La situación en Uruapan se ha agravado con amenazas y presencia del crimen organizado, mientras las autoridades luchan por mantener el control.
Uruapan enfrenta una creciente crisis de seguridad que ha puesto en alerta tanto a las autoridades locales como a los residentes. Desde el inicio de su administración, el alcalde ha advertido sobre la vulnerabilidad del municipio ante el avance del crimen organizado y la complicidad de actores corruptos que han contribuido a intensificar la violencia. La situación se agravó cuando el edil fue víctima de amenazas de muerte, a pocas semanas de asumir el cargo, y posteriormente recibió apoyo de la Guardia Nacional para su protección, reflejando la gravedad del riesgo.
Además de las amenazas, se han descubierto campos de entrenamiento de grupos delictivos en la región, equipados con armas de alto calibre, y reportes de presencia de extranjeros vinculados al narcotráfico en las inmediaciones. Estas incidencias subrayan la necesidad de estrategias más contundentes para hacer frente a la criminalidad, que ha convertido a Uruapan en uno de los municipios más peligrosos del país en los últimos años.

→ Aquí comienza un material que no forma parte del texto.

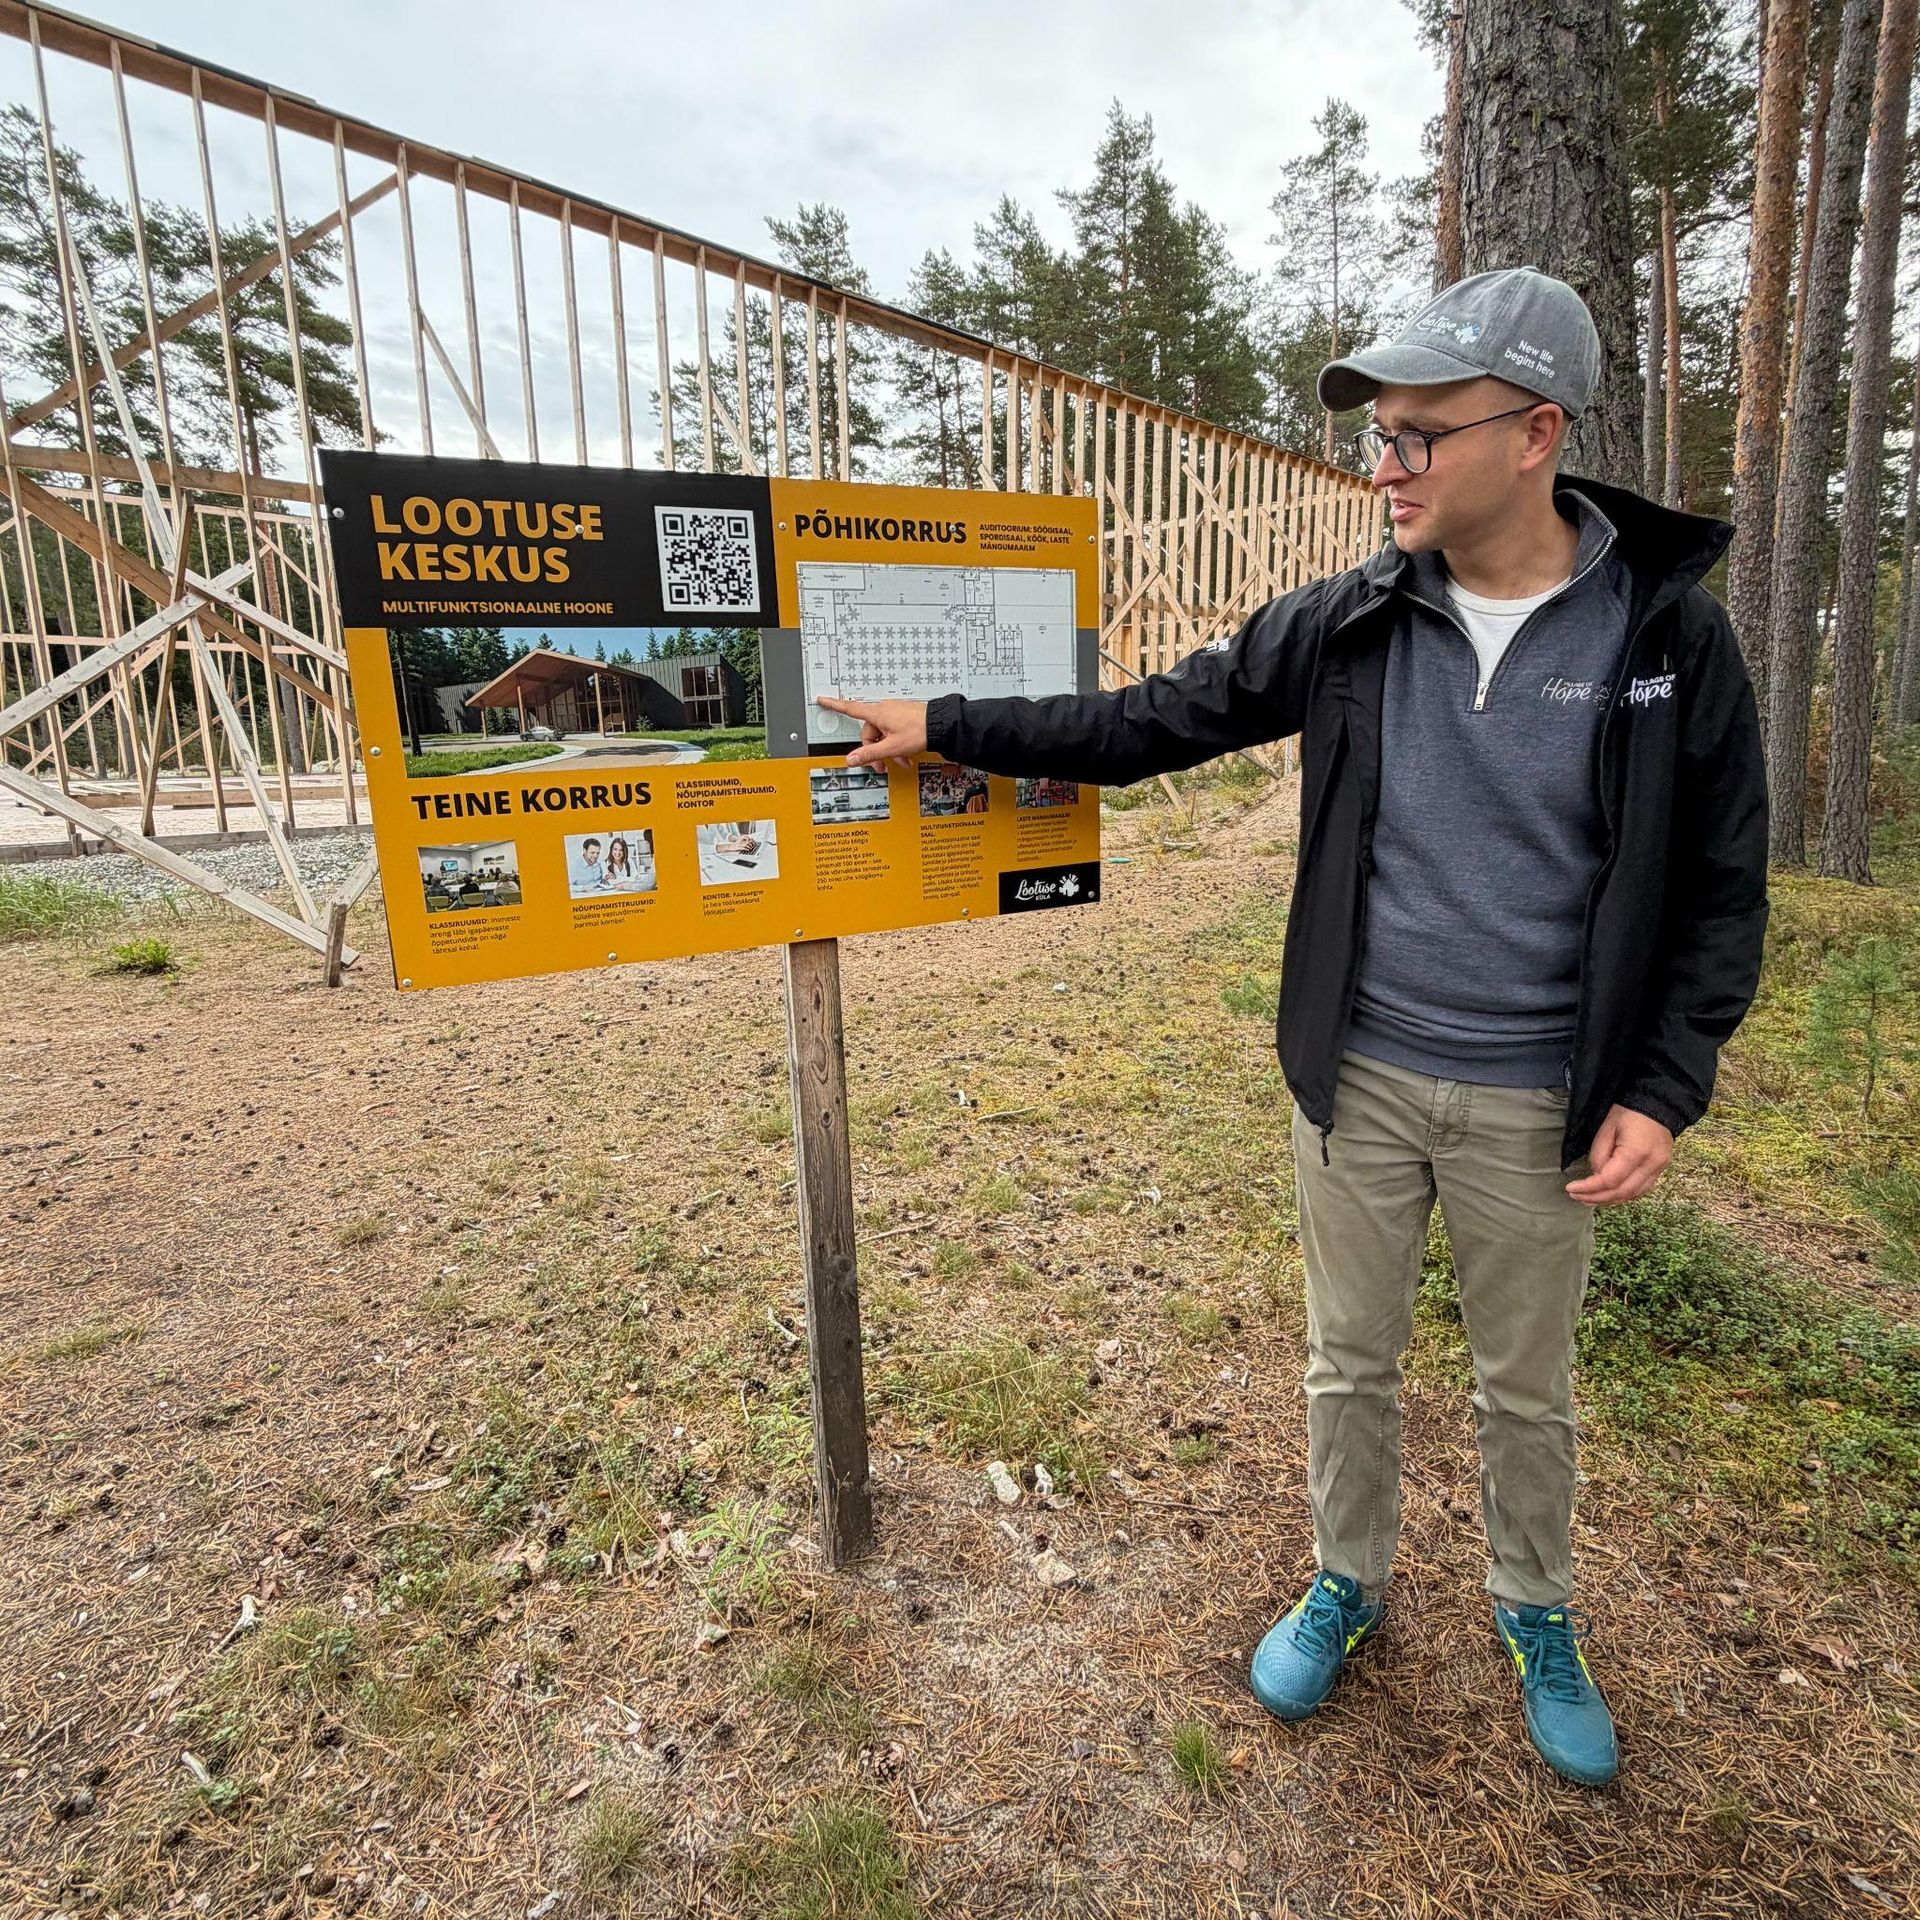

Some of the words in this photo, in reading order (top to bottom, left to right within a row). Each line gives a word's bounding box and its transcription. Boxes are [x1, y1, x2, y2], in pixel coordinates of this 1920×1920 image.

[1518, 340, 1539, 358] New
[1539, 349, 1555, 364] life
[1504, 347, 1536, 370] begins
[1536, 362, 1556, 379] here
[370, 494, 604, 541] LOOTUSE
[795, 509, 967, 544] PÕHIKORRUS
[980, 524, 1032, 533] AUDITOORIUM:
[980, 534, 1026, 543] SPORDISAAL,
[377, 542, 570, 583] KESKUS
[382, 601, 562, 614] MULTIFUNKTSIONAALNE
[564, 602, 614, 614] HOONE
[1637, 675, 1664, 687] VILLAGE
[1665, 673, 1677, 681] OF
[1541, 676, 1592, 705] Hope
[676, 779, 742, 790] KLASSIRUUMID,
[676, 786, 777, 799] NÕUPIDAMISTERUUMID,
[411, 793, 511, 820] TEINE
[522, 782, 652, 814] KORRUS
[677, 800, 714, 809] KONTOR
[703, 892, 732, 901] KONTOR:
[1015, 879, 1056, 900] Lootuse
[572, 898, 656, 913] NÕUPIDAMISTERUUMID:
[429, 917, 490, 930] KLASSIRUUMID:

La postura del alcalde ha sido clara y polémica: ha promovido una política de respuesta rápida y uso racional de la fuerza para abatir a delincuentes armados, desafiando las políticas federales y proclamando la importancia de actuar con determinación para restaurar la paz social. Sus denuncias y llamados de atención han puesto en evidencia la difícil situación que atraviesan las instituciones en la lucha contra la inseguridad.
El contexto global revela que Uruapan no está aislada de un problema mayor de inseguridad ante la presencia de grupos armados y la corrupción de algunas autoridades, dificultando las acciones para restablecer el orden. La necesidad de una coordinación efectiva y recursos adecuados sigue siendo urgente para revertir esta tendencia y garantizar la seguridad de sus habitantes.